7 Successful Leaders Inspire You With Stories of Failure and Rejection

The post has been a labor of love. It’s something I believe in strongly, because it frustrates me to see how many talented, creative people give up after experiencing failure and rejection. They’re a beast to push through, but failure and rejection aren’t simply necessary evils on the way to success — they’re a crucial part of the learning process.

I see it often with my clients.

“What if I pour my soul and energy into writing a novel and I never finish?”

“What if what I write is terrible, and no one wants to read it?”

“What if I can’t do it?”

In the words of my bible teacher from high school, “What if you didn’t ask that question?”
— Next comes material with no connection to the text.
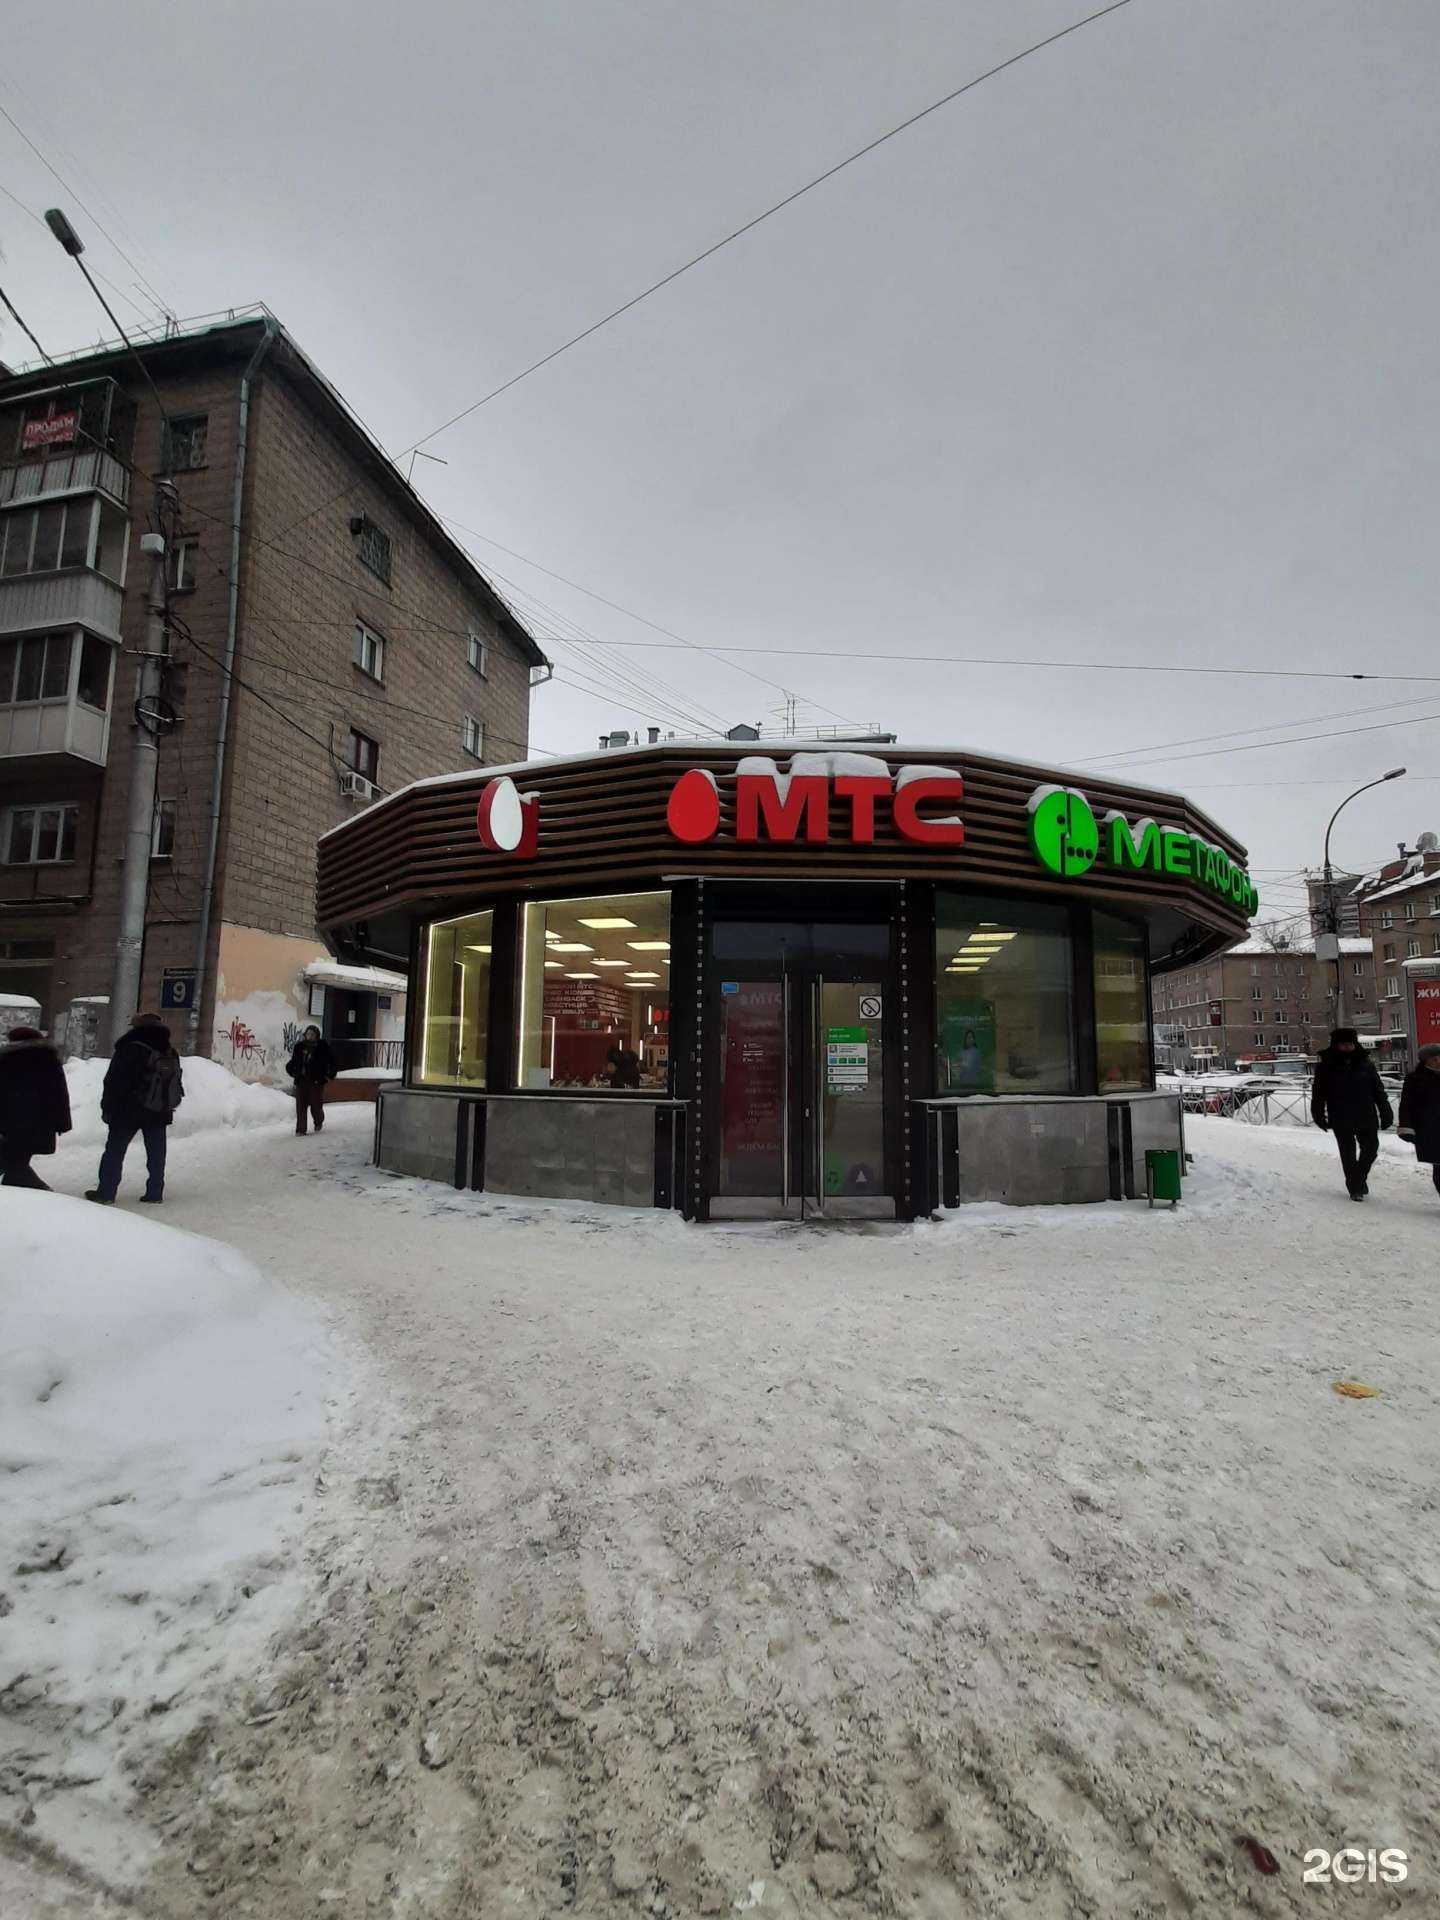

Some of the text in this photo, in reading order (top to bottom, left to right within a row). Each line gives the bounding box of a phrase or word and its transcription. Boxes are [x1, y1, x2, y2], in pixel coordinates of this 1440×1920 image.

What-ifs aren’t useful. All they do is hold you back. When you allow these thoughts to take over, you prevent yourself from throwing your full attention into your development. Why? Because you surreptitiously convince yourself that as long as you don’t try your hardest, you can always excuse the failure. Right?

Dead wrong.

???? Failure and rejection, however painful, lead you to identify where you went wrong, reconfigure and find the best path to continue. You learn from the past to create a more successful, well-rounded and more satisfying future. You learn to rely on yourself. You learn to believe in yourself and not be swayed by naysayers and bad advice.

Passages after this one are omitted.